++++ Records provided ++++

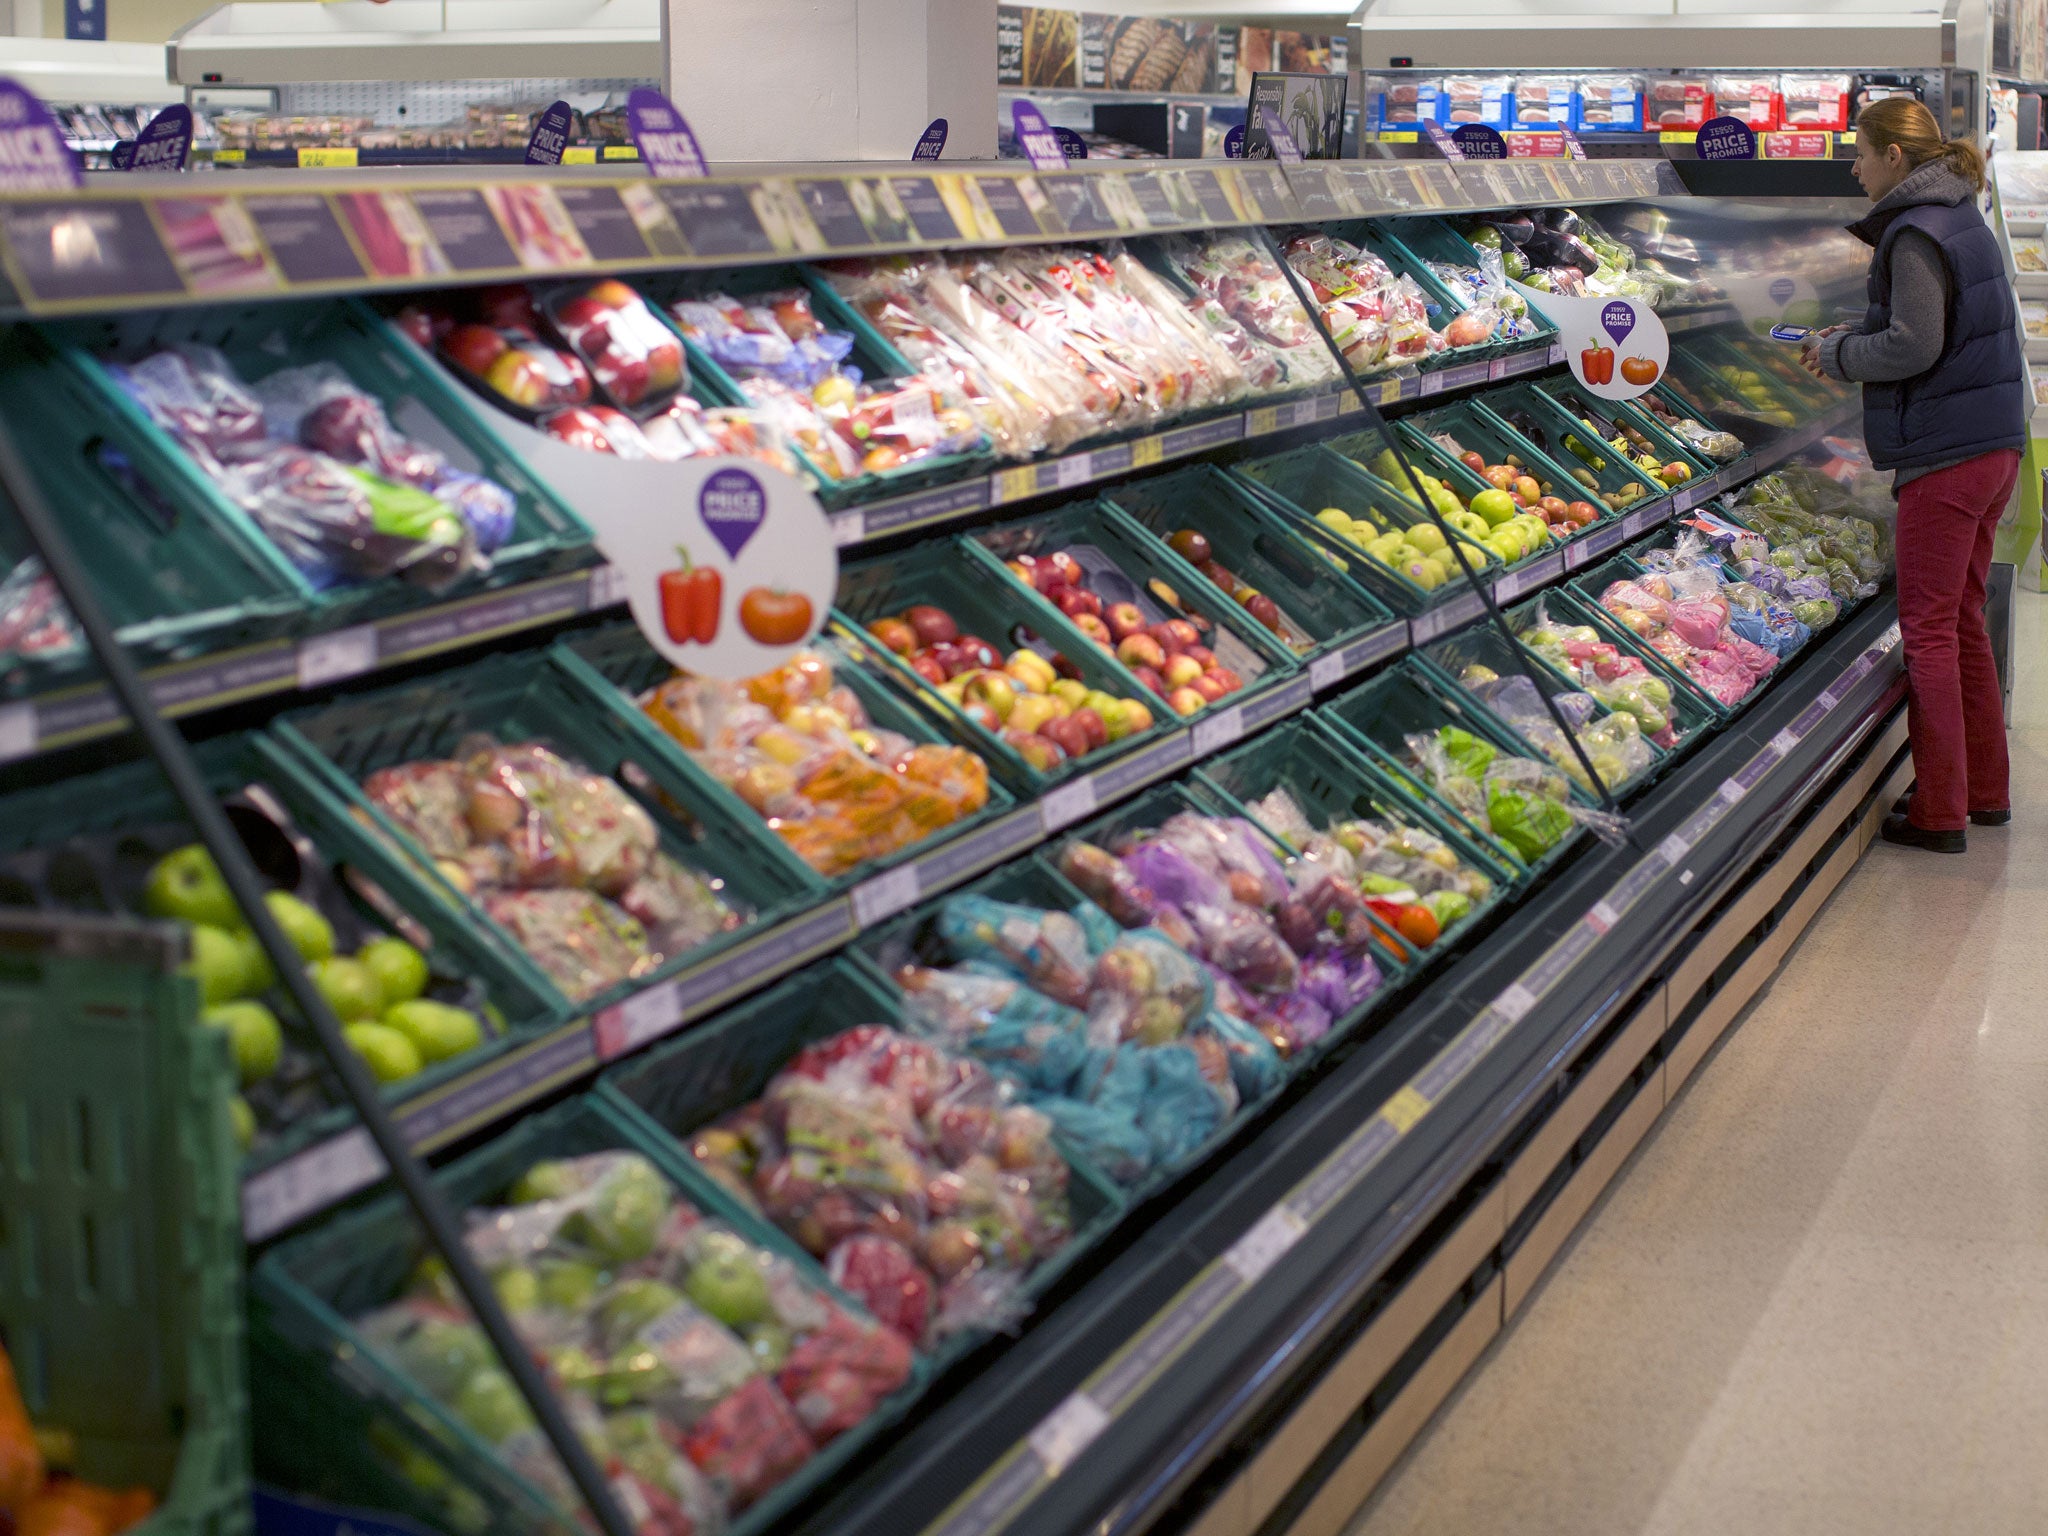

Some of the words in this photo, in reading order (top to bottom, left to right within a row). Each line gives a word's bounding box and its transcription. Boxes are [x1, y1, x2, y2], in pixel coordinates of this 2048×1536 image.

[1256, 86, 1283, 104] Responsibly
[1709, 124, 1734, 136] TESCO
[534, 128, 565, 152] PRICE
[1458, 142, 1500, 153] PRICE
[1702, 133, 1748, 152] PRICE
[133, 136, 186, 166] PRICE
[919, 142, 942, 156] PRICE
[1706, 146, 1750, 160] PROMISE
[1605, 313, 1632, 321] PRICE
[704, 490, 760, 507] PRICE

++++

What the task requires. An exact copy of every line above, minus the pictures, is the required output.

Exercise solution.
Some of the words in this photo, in reading order (top to bottom, left to right within a row). Each line gives a word's bounding box and its transcription. Boxes are [x1, y1, x2, y2], in pixel coordinates of this 2048×1536 image.

[1256, 86, 1283, 104] Responsibly
[1709, 124, 1734, 136] TESCO
[534, 128, 565, 152] PRICE
[1458, 142, 1500, 153] PRICE
[1702, 133, 1748, 152] PRICE
[133, 136, 186, 166] PRICE
[919, 142, 942, 156] PRICE
[1706, 146, 1750, 160] PROMISE
[1605, 313, 1632, 321] PRICE
[704, 490, 760, 507] PRICE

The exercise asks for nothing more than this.